Medline ® Abstract for Reference 24
of 'Febrile infant (younger than 90 days of age): Management'
Use of Procalcitonin Assays to Predict Serious Bacterial Infection in Young Febrile Infants.
Milcent K, Faesch S, Gras-Le Guen C, Dubos F, Poulalhon C, Badier I, Marc E, Laguille C, de Pontual L, Mosca A, Nissack G, Biscardi S, Le Hors H, Louillet F, Dumitrescu AM, Babe P, Vauloup-Fellous C, Bouyer J, Gajdos V
JAMA Pediatr. 2016 Jan;170(1):62-9.
IMPORTANCE: The procalcitonin (PCT) assay is an accurate screening test for identifying invasive bacterial infection (IBI); however, data on the PCT assay in very young infants are insufficient.
OBJECTIVE: To assess the diagnostic characteristics of the PCT assay for detecting serious bacterial infection (SBI) and IBI in febrile infants aged 7 to 91 days.
DESIGN, SETTING, AND PARTICIPANTS: A prospective cohort study that included infants aged 7 to 91 days admitted for fever to 15 French pediatric emergency departments was conducted for a period of 30 months (October 1, 2008, through March 31, 2011). The data management and analysis were performed from October 1, 2011, through October 31, 2014.

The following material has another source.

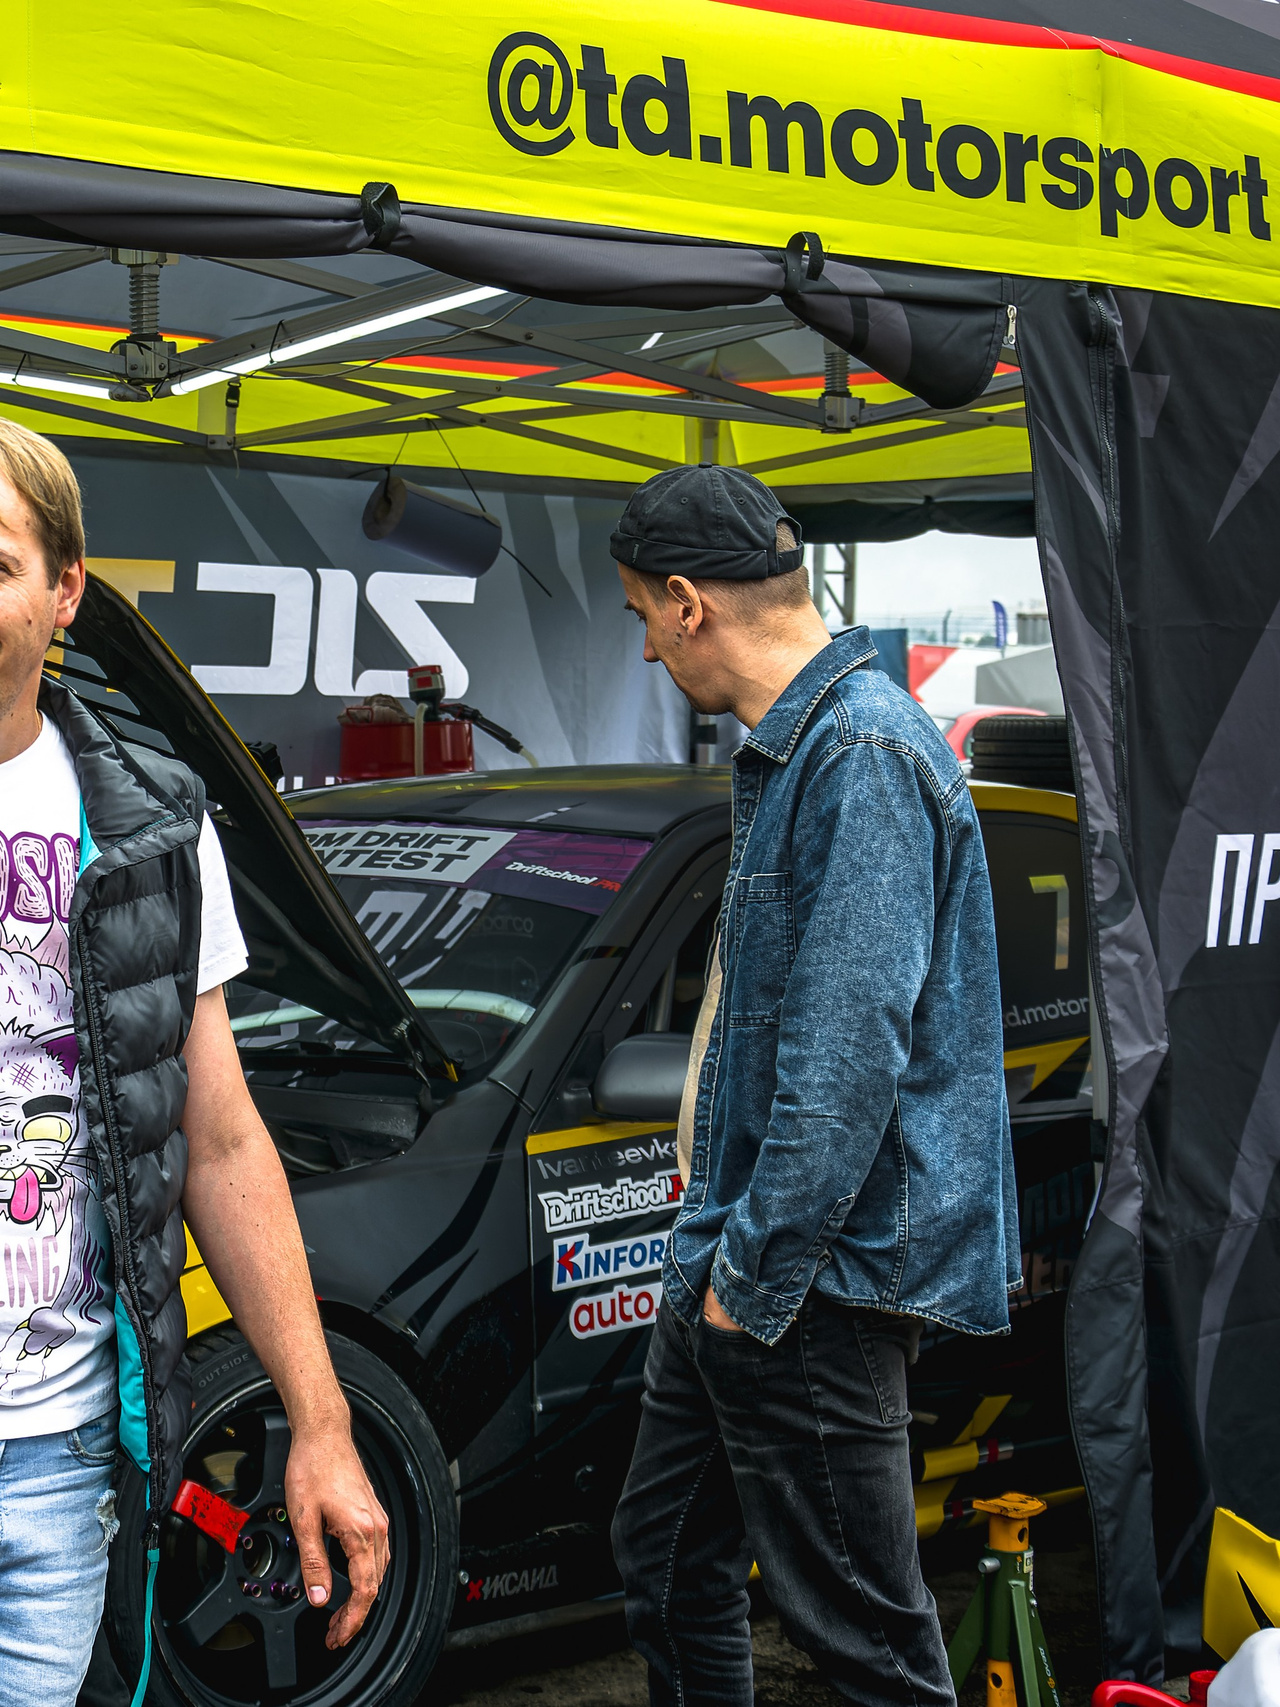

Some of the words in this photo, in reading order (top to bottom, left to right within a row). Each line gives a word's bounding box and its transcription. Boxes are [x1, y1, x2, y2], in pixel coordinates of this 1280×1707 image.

[486, 30, 1272, 241] @td.motorsport
[352, 830, 491, 852] DRIFT
[198, 1352, 251, 1390] OUTSIDE

MAIN OUTCOMES AND MEASURES: The diagnostic characteristics of the PCT assay, C-reactive protein (CRP) concentration, white blood cell (WBC) count, and absolute neutrophil cell (ANC) count for detecting SBI and IBI were described and compared for the overall population and subgroups of infants according to the age and the duration of fever. Laboratory test cutoff values were calculated based on receiver operating characteristic (ROC) curve analysis. The SBIs were defined as a pathogenic bacteria in positive culture of blood, cerebrospinal fluid, urine, or stool samples, including bacteremia and bacterial meningitis classified as IBIs.
RESULTS: Among the 2047 infants included, 139 (6.8%) were diagnosed as having an SBI and 21 (1.0%) as having an IBI (11.0% and 1.7% of those with blood culture (n = 1258), respectively). The PCT assay offered an area under the curve (AUC) of ROC curve similar to that for CRP concentration for the detection of SBI (AUC, 0.81; 95% CI, 0.75-0.86; vs AUC, 0.80; 95% CI, 0.75-0.85; P = .70). The AUC ROC curve for the detection of IBI for the PCT assay was significantly higher than that for the CRP concentration (AUC, 0.91; 95% CI, 0.83-0.99; vs AUC, 0.77; 95% CI, 0.65-0.89; P = .002). Using a cutoff value of 0.3 ng/mL for PCT and 20 mg/L for CRP, negative likelihood ratios were 0.3 (95% CI, 0.2-0.5) for identifying SBI and 0.1 (95% CI, 0.03-0.4) and 0.3 (95% CI, 0.2-0.7) for identifying IBI, respectively. Similar results were obtained for the subgroup of infants younger than 1 month and for those with fever lasting less than 6 hours.
CONCLUSIONS AND RELEVANCE: The PCT assay has better diagnostic accuracy than CRP measurement for detecting IBI; the 2 tests perform similarly foridentifying SBI in febrile infants aged 7 to 91 days.
Department of Pediatrics, Antoine Béclère University Hospital, Assistance Publique-Hôpitaux de Paris, Clamart, France2INSERM, CESP Centre for Research in Epidemiology and Population Health, Paris-Sud, Paris-Saclay University, Villejuif, France.